A alta do dólar e o nervosismo do mercado em setembro, após o ataque terrorista aos Estados Unidos, foi o principal motivo para o crescimento da dívida federal interna no período. O estoque passou de R$ 606,18 bilhões em agosto para R$ 629,09 bilhões ao final de setembro, ou seja, um aumento de R$ 22,91 bilhões (3,78%).
De acordo com o coordenador-geral da Dívida Pública do Tesouro Nacional, Paulo Valle, esse aumento deveu-se à variação cambial do período de 4,69% e à emissão líquida de R$ 13,2 bilhões de papéis cambiais.
''Foi um mês com maior emissão de cambiais, por causa das incertezas com relação às eleições na Argentina e ao ataque terrorista', explicou o chefe do Departamento de Operações do Mercado Aberto do Banco Central, Sérgio Goldenstein.
Em setembro, os vencimentos de títulos da dívida pública federal interna somaram R$ 22,7 bilhões. Esse volume foi todo rolado e, além disso, Tesouro e BC, juntos, fizeram uma emissão líquida de R$ 8,283 bilhões.
Essa emissão líquida (colocação de títulos no mercado superior ao resgate) foi efeito apenas das colocações de papéis cambiais para dar ''hedge' (proteção) ao mercado, na tentativa de evitar corrida à moeda norte-americana. Somente de títulos cambiais, foi feita uma emissão líquida de R$ 13,2 bilhões.

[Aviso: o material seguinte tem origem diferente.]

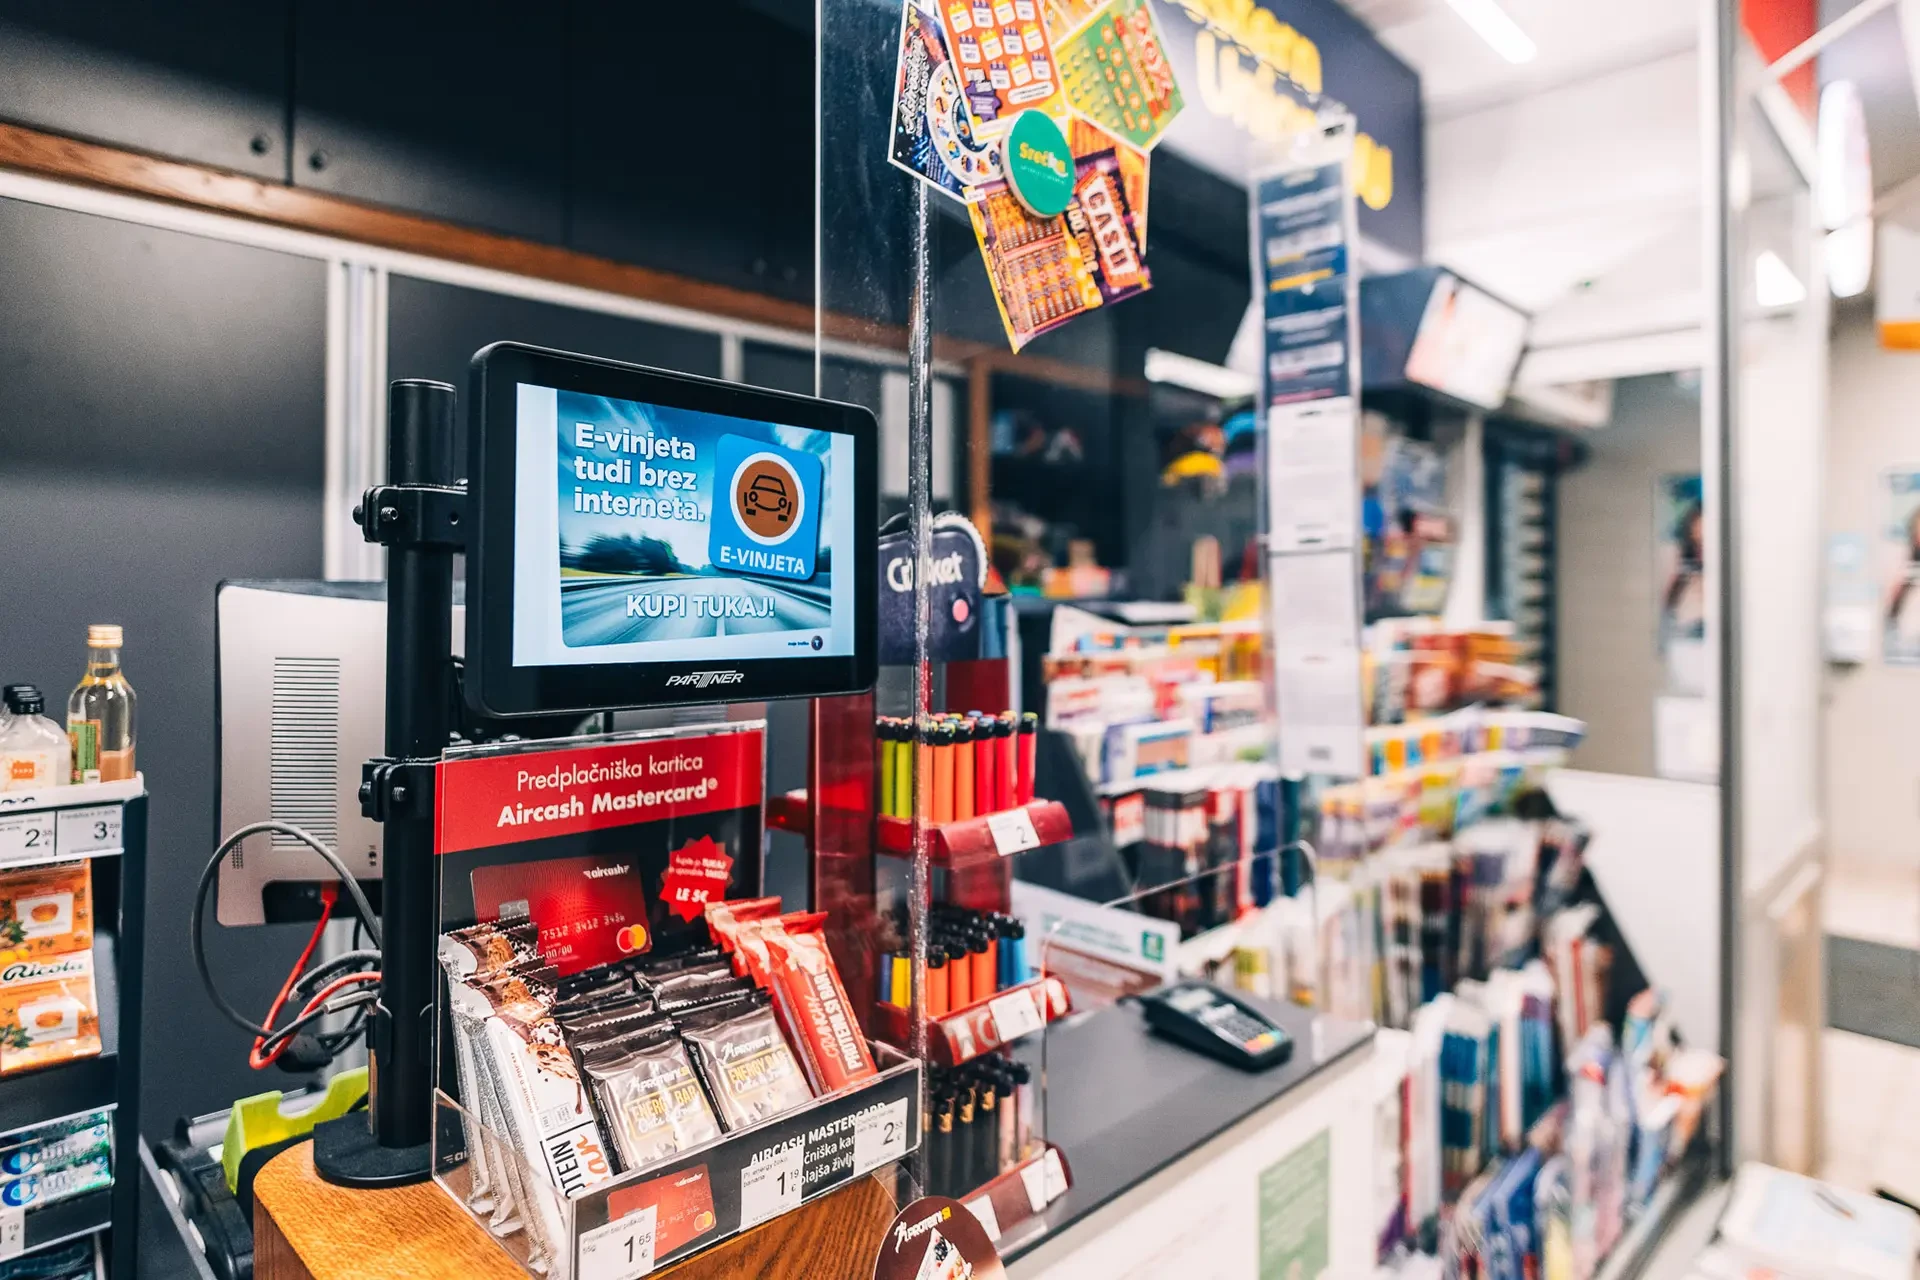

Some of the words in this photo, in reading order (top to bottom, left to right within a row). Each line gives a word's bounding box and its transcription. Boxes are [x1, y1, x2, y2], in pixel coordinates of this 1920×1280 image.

A participação dos papéis cambiais no estoque da dívida pública federal interna atingiu o maior percentual da história, em setembro, de 31,37%. Em agosto, essa participação era de 28,83%. O chefe do Departamento de Operações do Mercado Aberto do Banco Central, Sérgio Goldenstein, afirmou que, nem mesmo em 1999, com a desvalorização do real, a participação de cambiais no saldo total da dívida foi tão alta.
Goldenstein explicou que, apesar do volume grande de cambiais, ''a dívida está sob controle''. Segundo ele, a colocação desses papéis no mercado teve como base uma Ptax (média das cotações do dólar no dia) de R$ 2,74.